もう二度と訪れない、そう思っていた光景がそこにあった。
「今朝は和食にしました。でも冷蔵庫の中、そろそろやばい感じ。信也くん、買い物付き合ってくれる?」
「そうだな、しばらく何も買ってなかったし……行くか」
「ありがと。じゃ、いただきまーす」
「いただきます」
いつもの紀崎家の日常。
しかし一つだけ、違ってることがあった。
頬杖をつき、嬉しそうに信也をみつめる早希。
早希は幽霊だ。
「それにしても信也くん、やっぱ変だね」
「……って、いきなりなんだよ。ほら早希も、冷めない内に食べろよ」
「分かってるって。うん、お味噌汁おいしい」
「早希特製の合わせ味噌。これは早希にしか出せない味だからな」
「どんなもんだい」
「いいよ、もっと威張っても」
「ふふっ。でね、さっきの話なんだけど、信也くんってば、やっぱ変だと思うよ」
「だから変ってなんだよ。俺くらい常識的で普通な人間、いないだろ」
「自分で言うんだ、そんな恐ろしいこと」
「恐ろしいって……そんなことないよな、ないよな」
「二回聞くってことは、ちょっと不安なんだ」
「で、どこが変なんだ」
「だって目の前に幽霊がいるのに、全然動じてないんだもん」
「昨日ちゃんと驚いただろ。あれで十分だ」
「ええっ? あれで終わりなの?」
「俺にとっては」
信也が箸を置き、早希を真っ直ぐ見つめた。
「幽霊でもなんでもいい。早希が戻って来てくれた、それより大切なことなんてないんだ」
「……やっぱ変だよ、信也くん」
「そう何回も言われると、流石にこたえるんだけど」
「だってね、私幽霊なんだよ?」
「そうだな。葬式もしたし」
「だから冷静に突っ込まないでって。目の前にこんな非常識な存在がいるんだよ? ちょっとは怯えたり、疑ったりしないの?」
「別に」
「信也くんって、幽霊信じる派?」
「特にそういうのはないよ。心霊写真見ても何も思わないし」
「じゃあどうして」
「俺は自分の目で確かめたことは全肯定する。それだけだ」
「……ちょっとよく分からない」
「例えばUFOとか、雪男とかネッシーとか。ひょっとしたらいるのかもしれないけど、確認してないからよく分からん。それぐらいの感覚なんだ。
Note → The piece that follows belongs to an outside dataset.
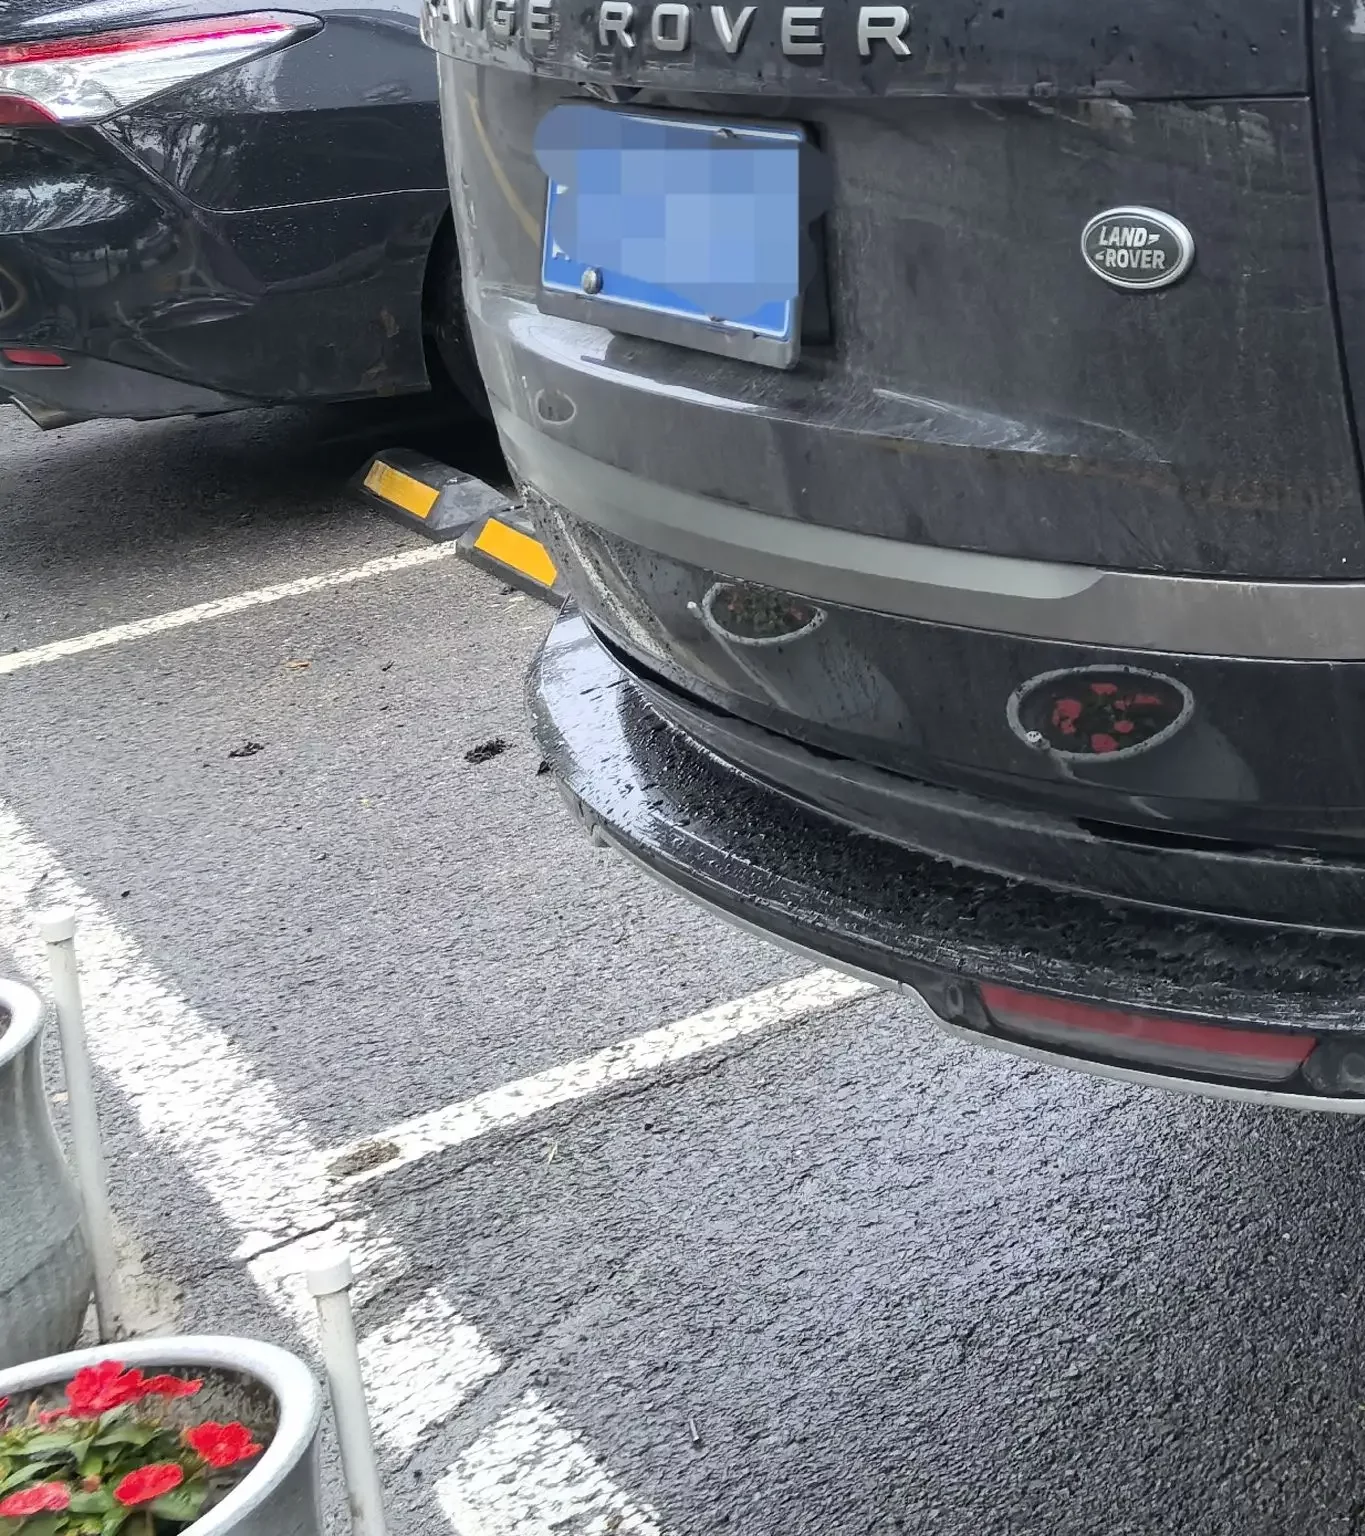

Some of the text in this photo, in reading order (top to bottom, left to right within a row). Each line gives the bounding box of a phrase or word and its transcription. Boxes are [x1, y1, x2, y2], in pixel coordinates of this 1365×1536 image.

[599, 0, 912, 56] ROVER
[1099, 225, 1148, 248] LAND
[1105, 248, 1166, 270] ROVER
でも自分の目で見た物は、どれだけ非常識な物でも認める。だってそこにあるんだから。シンプルだろ?」
「……シンプルなのかな」
「そうなんだって。いくら理屈で否定しても、ある物はある。現に早希、お前は間違いなく死んだ。焼いて骨になって、あの骨壺の中にいてる。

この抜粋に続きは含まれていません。